L’interview tech et innovation
Questions - réponses pour comprendre l’actualité de la technologie, de l’intelligence artificielle et de l’innovation
Pour le philosophe de l'innovation Thierry Menissier, responsable de la chaire Éthique et IA de l’Institut interdisciplinaire pour l'intelligence artificielle (MIAI) de Grenoble, la préoccupation en matière d’IA n’est plus la transformation du travail mais “l’absence de limites à cette transformation”. Il s'interroge sur l'impact de l'intelligence artificielle dans nos vies professionnelles et sociales. Selon lui, il manque en France un vrai débat démocratique sur l’IA. Il est convaincu qu’il existe des alternatives à "l'innovation sauvage”, celle qui nous place devant le fait accompli, sans pouvoir en discuter.
Comment abordez-vous la question de l’intelligence artificielle appliquée au travail ?

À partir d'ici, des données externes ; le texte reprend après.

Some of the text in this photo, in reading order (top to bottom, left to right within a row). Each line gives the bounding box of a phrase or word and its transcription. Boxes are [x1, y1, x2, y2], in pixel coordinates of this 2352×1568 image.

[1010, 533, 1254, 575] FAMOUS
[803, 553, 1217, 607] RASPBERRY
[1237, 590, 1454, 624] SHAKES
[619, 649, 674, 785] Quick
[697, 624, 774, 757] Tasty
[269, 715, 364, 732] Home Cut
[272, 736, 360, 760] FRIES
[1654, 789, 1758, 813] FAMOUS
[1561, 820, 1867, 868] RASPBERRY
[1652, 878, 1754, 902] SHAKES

Je pense qu’on ne peut plus penser la société sans y intégrer les outils numériques et algorithmiques. Le travail est une catégorie loin d’être évidente, elle est façonnée par des habitudes intellectuelles forgées par des pratiques. Quand on parle de « travail », on désigne à la fois la tâche, sa pénibilité mais aussi ses expressions, ses conditions et ses conséquences socio-économiques. Or, avec l’IA, tous ces éléments se transforment à une échelle inédite. Je défends l’hypothèse, certes maximaliste, qu’il n’y a pas de limite à cette transformation. Ce n’est pas l’IA qui remplace l’humain : c’est l’IA qui exécute des tâches jusqu’ici réservées aux humains, ce qui est très différent… La préoccupation n’est plus la transformation du travail mais l’absence de limites à cette transformation.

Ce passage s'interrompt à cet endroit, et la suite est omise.